Registration Citation

Citation
Xing, Wanli. 2024. "RE-ALTER: Randomized Experiment with AI-augmented Learning by Teaching to Enhance and Renovate Math Learning." AEA RCT Registry. August 28. https://doi.org/10.1257/rct.14202-1.0
Experimental Details

Interventions

Intervention(s)
Intervention Start Date
2025-01-13
Intervention End Date
2025-05-15

Primary Outcomes

Primary Outcomes (end points)
Florida Assessment of Student Thinking (FAST) or similar standardized assessments will serve as a distal measure employed to assess the mathematics performance of middle school students. FAST is the progress monitoring test adopted by the Florida Department of Education (FLDOE). Administered three times throughout the academic year (August, January, and April) the FAST is specifically structured to gauge student growth over time. Aligned with Florida’s BEST standards, this assessment offers a comprehensive evaluation of students' mathematical proficiency. The FAST tests for grades 6 to 8 consist of computer-adaptive tests lasting 100 minutes for waves 1 and 2 and 120 minutes for wave 3, ensuring a thorough examination of students' skills and knowledge across various levels of complexity. FAST contains multiple item formats such as multiple choice, multiselect, edit task choice, matching, and equation editing (Florida Department of Education, 2024). We are in active conversation with Florida school districts to establish a data sharing agreement to access students’ FAST data, and we expect the access before Spring 2025.
Primary Outcomes (explanation)
Students’ Interactive Log data will be used to measure the growth in student mathematics engagement across the spring semester and will be measured using student log data aggregated by week. Our team has previously evaluated students’ interactive log information as a proxy of engagement, such as the total number of videos viewed (Kim et al., 2020). In our study, we will be using the information extracted from the log data, such as students’ time-on-task, retention, frequency of being active, and instructions to AI agents, as a proxy to assess students' engagement.

Secondary Outcomes

Secondary Outcomes (end points)
Secondary Outcomes (explanation)

Experimental Design

Experimental Design
RE-ALTER will be conducted to collect evidence of the effect of student use of ALTER-Math on their math learning and engagement. Leveraging Math Nation, we can selectively deploy updates and randomized experiments to ALTER-Math. The pilot study is a two-level cluster randomized trial (CRT) with students clustered within teachers from Florida middle schools. The random assignment will occur at the teacher level with a total of 32 teachers (16 in each condition), and with an average of 2 classrooms per teacher and 25 students per classroom. We propose to randomize at this level to avoid spillover effects that are likely to occur with random assignment at the student level. The control group is a business-as-usual condition, using Math Nation in the same frequency as the experimental group, but without ALTER-Math support. This design meets the standards of the What Works Clearinghouse (WWC) version 5.0 without reservations (U.S. Department of Education et al., 2022). We will test baseline equivalence using balance tests but do not expect imbalances due to the large, random sample.

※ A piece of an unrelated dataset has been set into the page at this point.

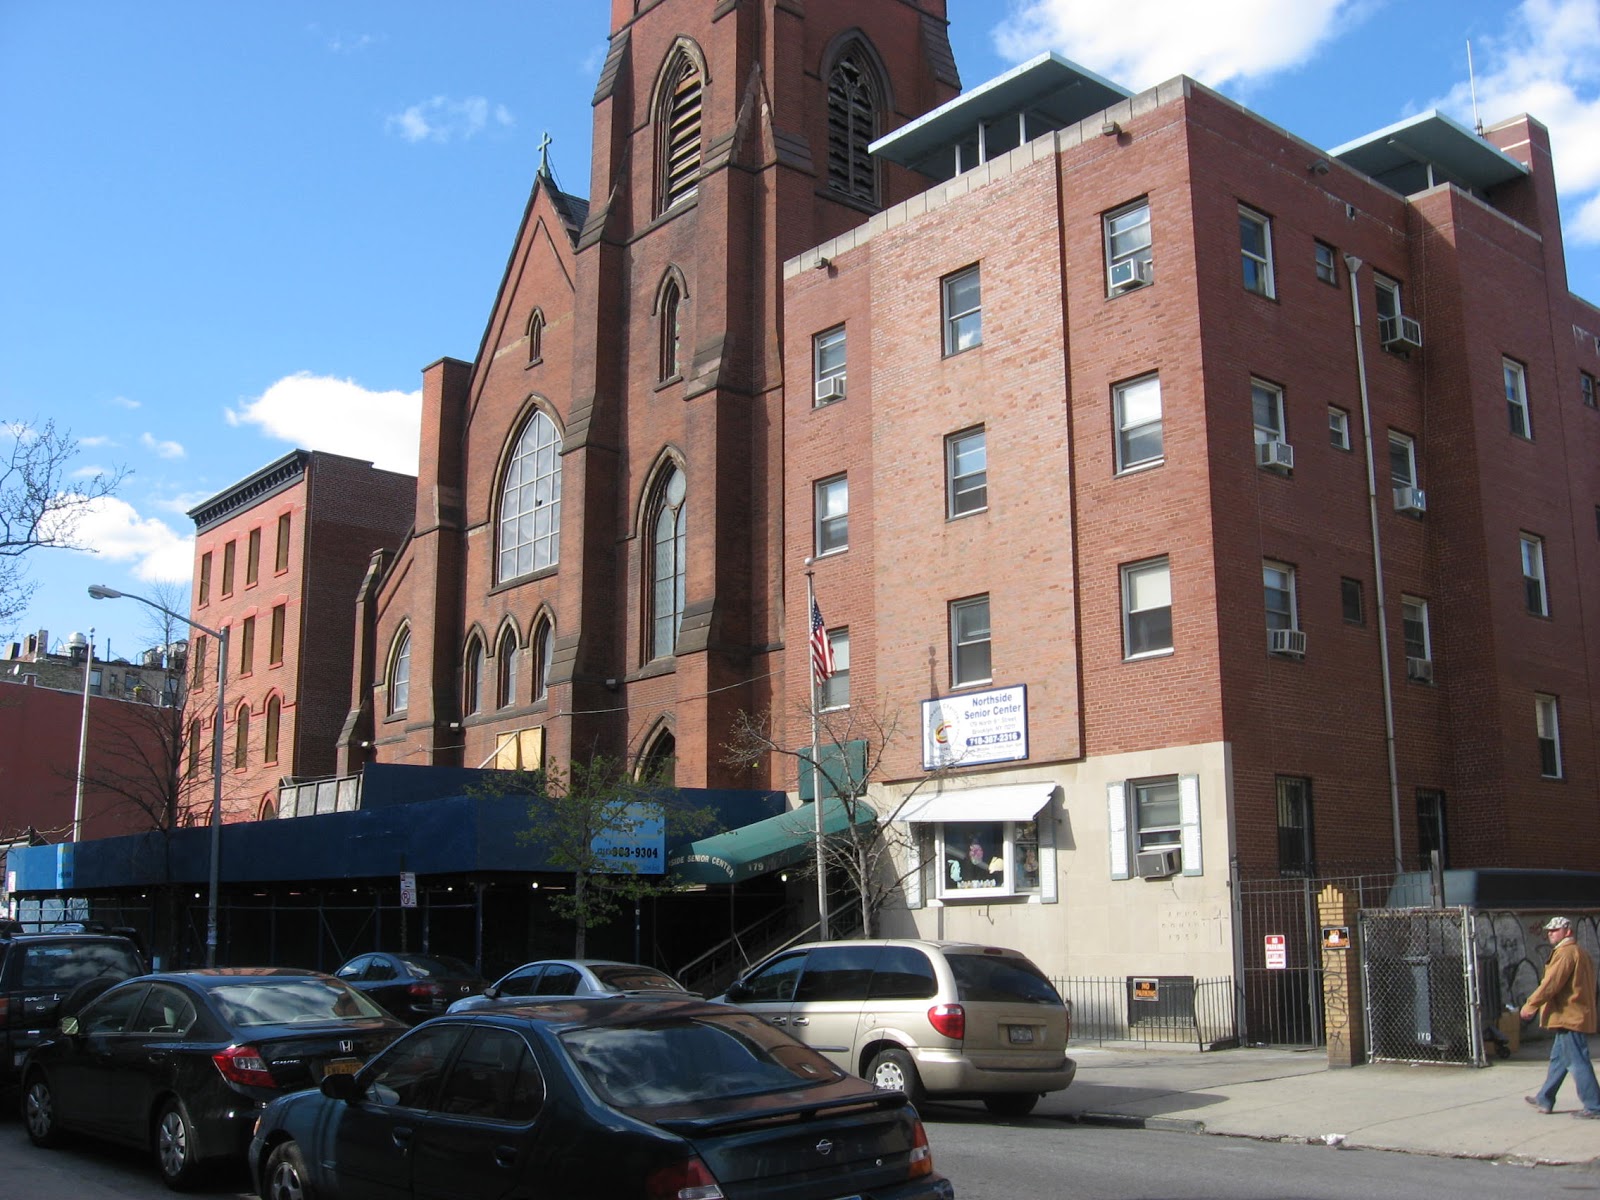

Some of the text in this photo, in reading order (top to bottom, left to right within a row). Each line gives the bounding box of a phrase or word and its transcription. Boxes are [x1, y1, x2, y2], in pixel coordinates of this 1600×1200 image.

Methods: We will start recruiting teachers in early Fall through partnered school districts that are committed to using Math Nation (see Appendix A). In late Fall 2024, all participating teachers will complete a synchronous online PD on ALTER-Math ($250 incentive for each teacher participant). Teachers will complete a knowledge measure after the training and have to answer 80% of the items correctly to proceed in the study. Randomized assignment of the control and experiment groups will begin in early Spring 2025, following the PD session, to officially launch the study. If assigned to the experiment group, participating teachers will commit to using ALTER-Math with their students at least one hour per week in early Spring 2025. Regardless of intervention assignment, each teacher will receive $1,000 as compensations. The fidelity of implementation will be checked through system logs. We will communicate regularly with treatment teachers to ensure a high level of fidelity of implementation. The intervention will last three months, which is approximately 12 weeks. Previous studies of AI-based interventions in middle school have shown that regular weekly use during the Spring semester leads to improved student achievement on a high-stakes test administered at the end of the semester (Leite et al., 2022). All participating teachers will have full access to ALTER-Math for the duration of the LEVI project after the experimental study.

Inclusion of underserved students: In order to guarantee the participation of students from economically disadvantaged and racially minority backgrounds, our focus is on partnering with districts that (1) have a substantial student body to maximize our influence and (2) serve a large proportion of financially challenged (using free lunch or reduced-price meal status as a proxy) and minority (available in Math Nation database) students. To this end, we have identified an initial list of K-12 school districts that have committed to a four-year use of Math Nation. We have access to all the data generated by the users from these school districts in Math Nation, including demographics such as race, gender, and schools, behavioral logs, and in-platform assessments.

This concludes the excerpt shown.